WORK TO BE COMPLETED: Set down all of the entries word for word, omitting the images they contain.

Dataset entries:
━━━━━━━━━━━━━━━━━━━━━━━━━━━━━━

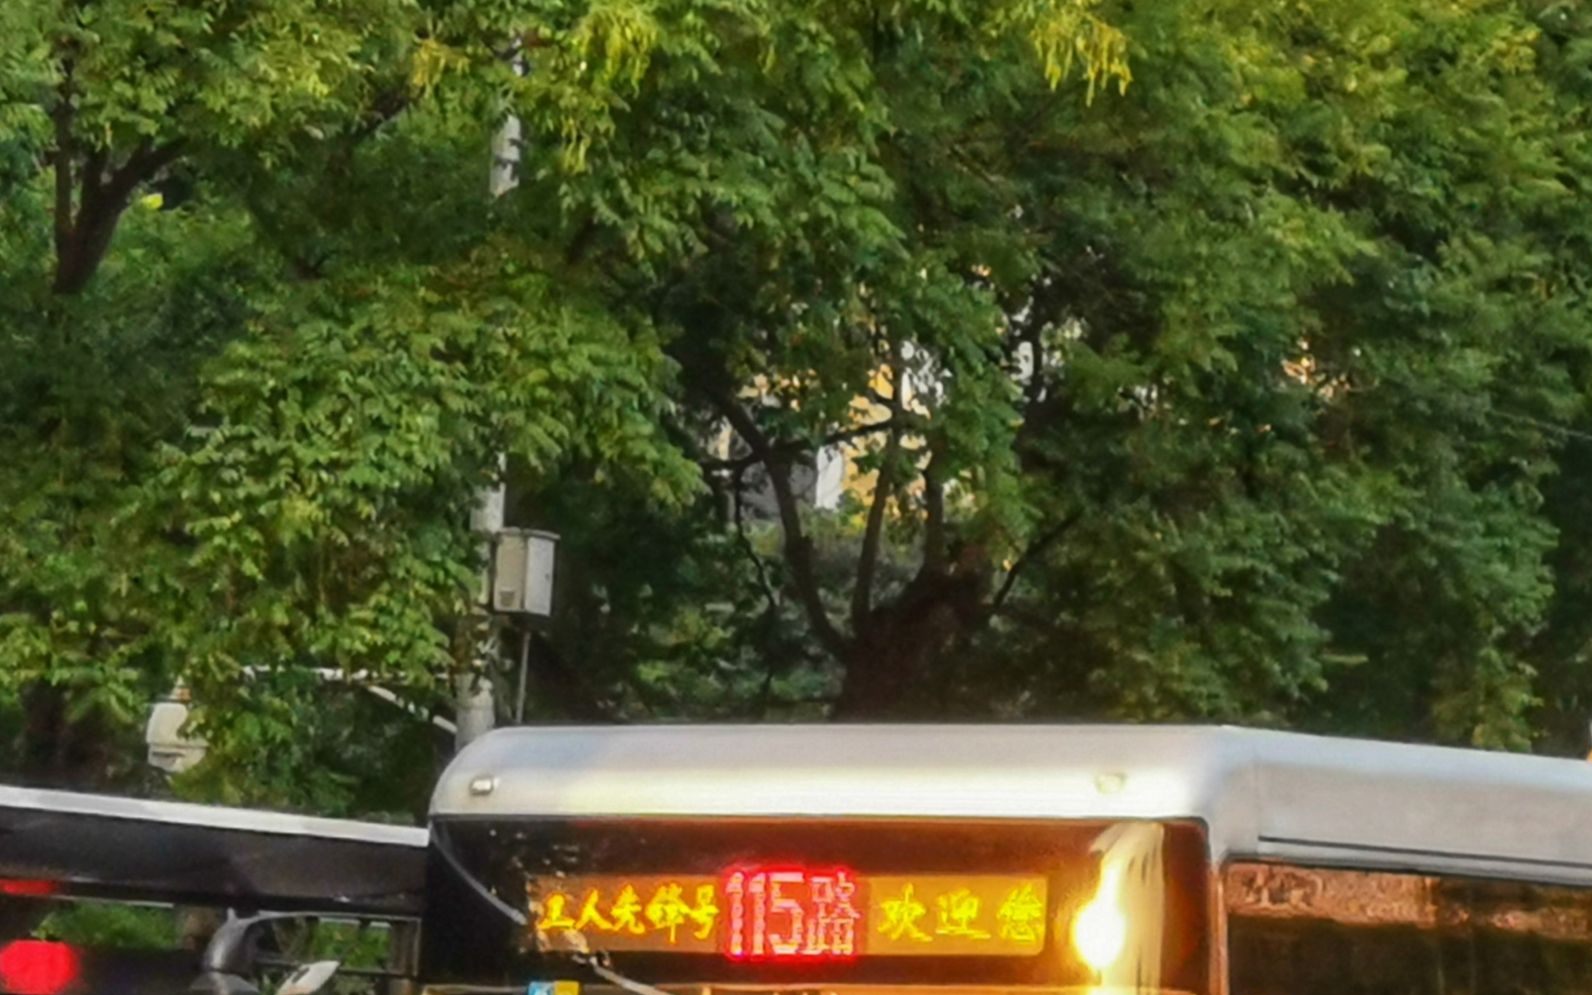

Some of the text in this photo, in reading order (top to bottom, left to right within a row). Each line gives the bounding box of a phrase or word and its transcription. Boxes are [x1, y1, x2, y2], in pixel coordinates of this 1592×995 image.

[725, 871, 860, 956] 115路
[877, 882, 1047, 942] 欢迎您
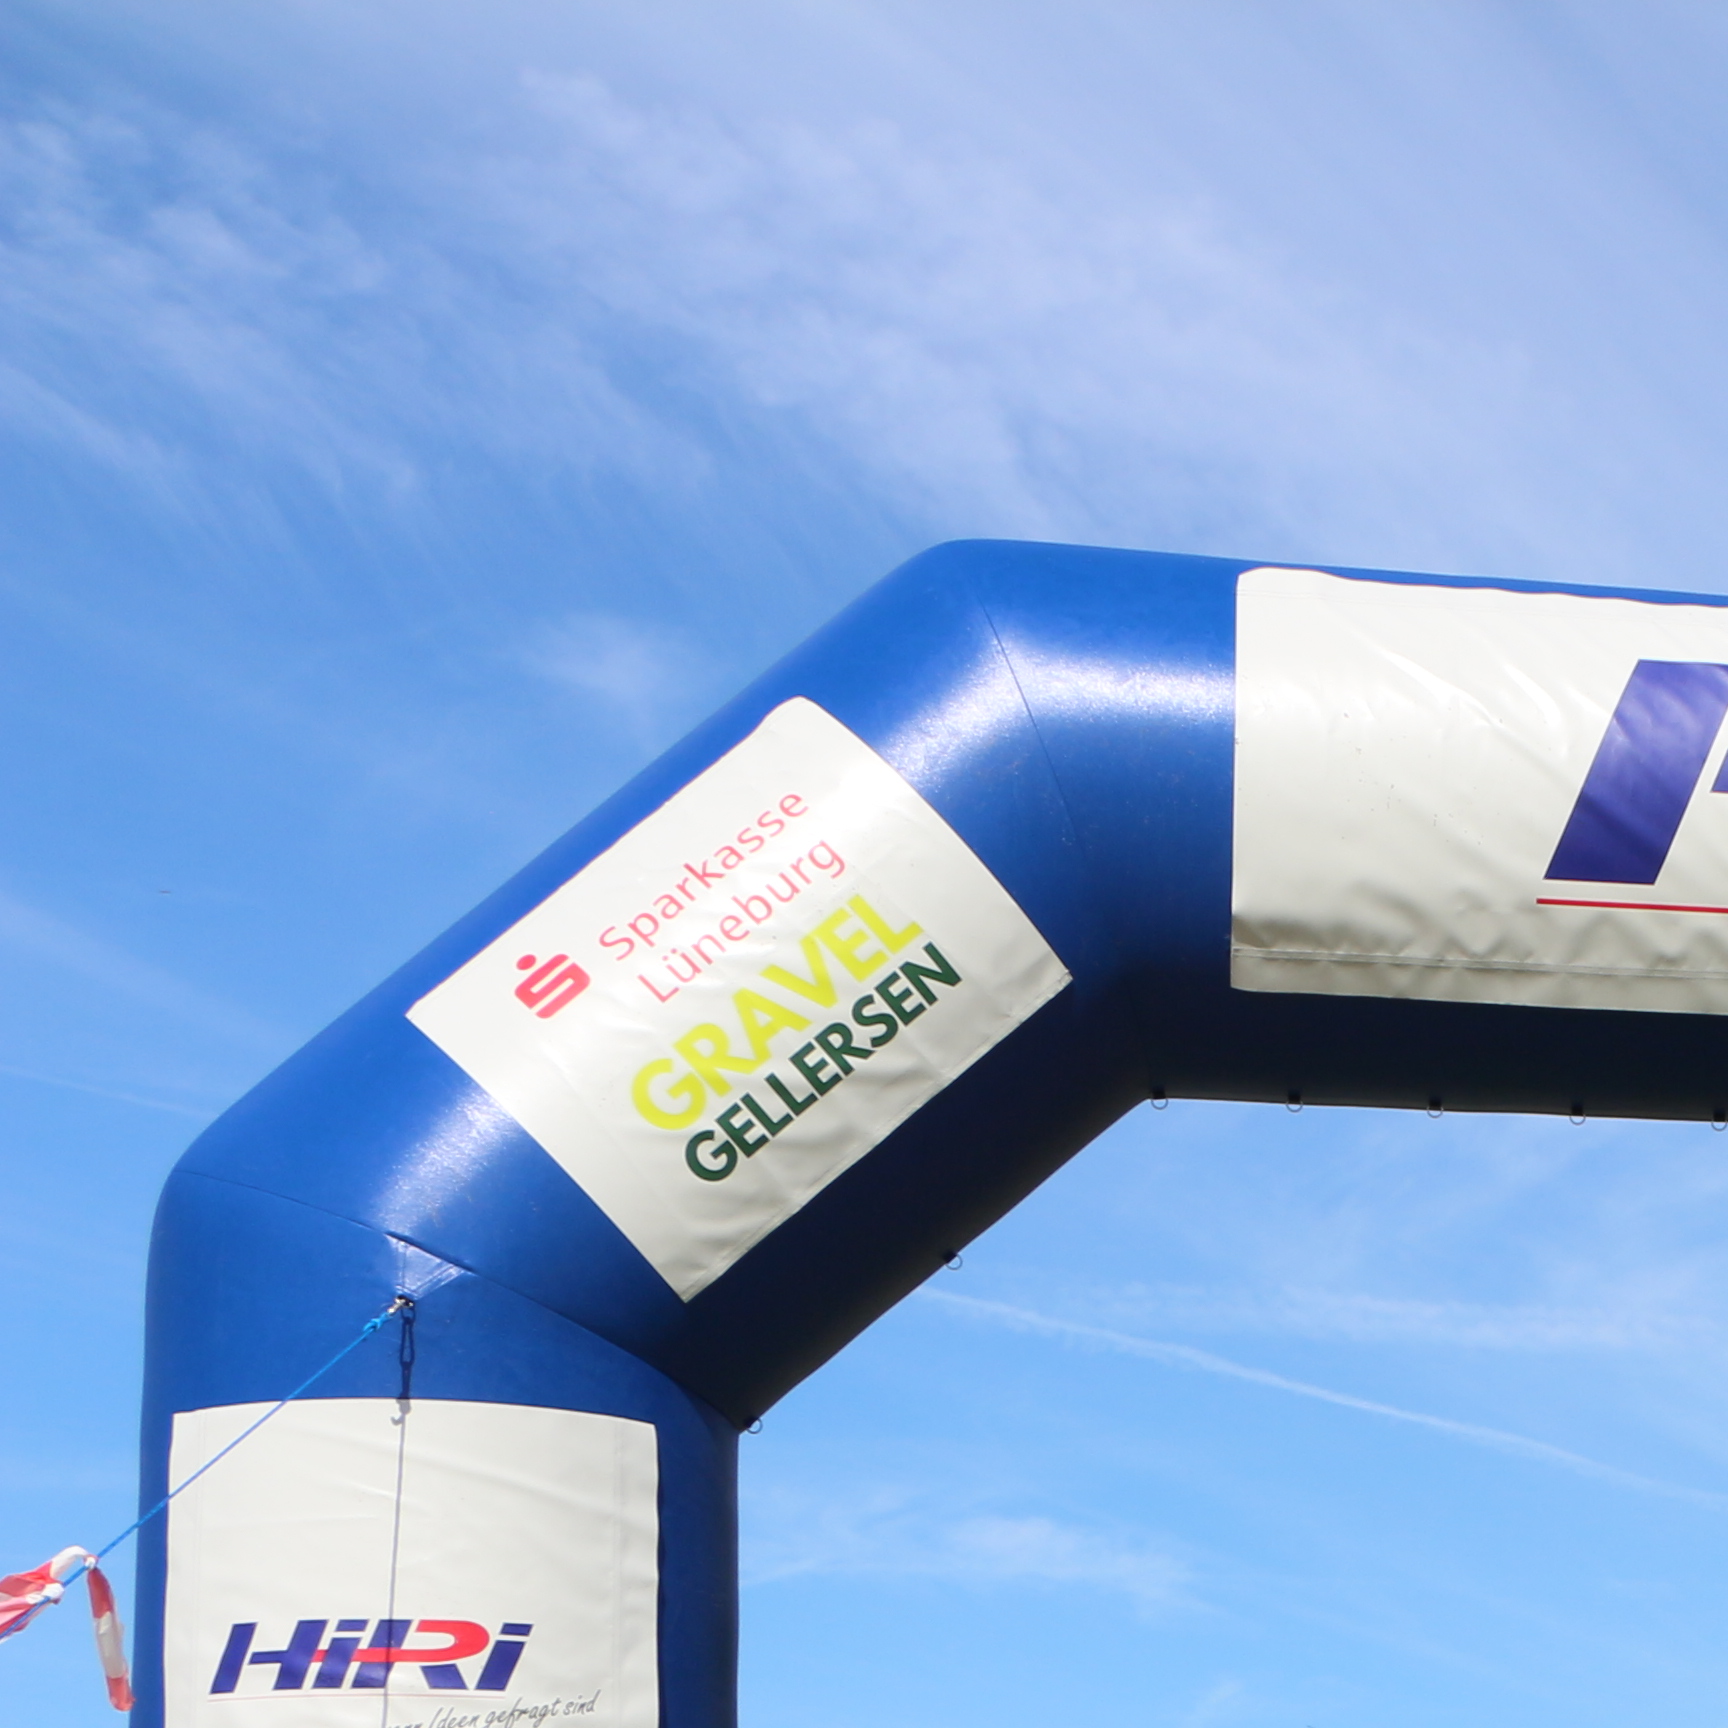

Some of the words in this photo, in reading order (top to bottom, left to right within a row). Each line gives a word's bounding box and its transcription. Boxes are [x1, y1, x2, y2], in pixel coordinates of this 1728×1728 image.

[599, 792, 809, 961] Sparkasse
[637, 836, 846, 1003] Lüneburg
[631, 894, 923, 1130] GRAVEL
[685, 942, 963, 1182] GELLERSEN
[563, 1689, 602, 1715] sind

━━━━━━━━━━━━━━━━━━━━━━━━━━━━━━

ANSWER TO THIS EXERCISE:
Some of the text in this photo, in reading order (top to bottom, left to right within a row). Each line gives the bounding box of a phrase or word and its transcription. Boxes are [x1, y1, x2, y2], in pixel coordinates of this 1592×995 image.

[725, 871, 860, 956] 115路
[877, 882, 1047, 942] 欢迎您

Some of the words in this photo, in reading order (top to bottom, left to right within a row). Each line gives a word's bounding box and its transcription. Boxes are [x1, y1, x2, y2], in pixel coordinates of this 1728×1728 image.

[599, 792, 809, 961] Sparkasse
[637, 836, 846, 1003] Lüneburg
[631, 894, 923, 1130] GRAVEL
[685, 942, 963, 1182] GELLERSEN
[563, 1689, 602, 1715] sind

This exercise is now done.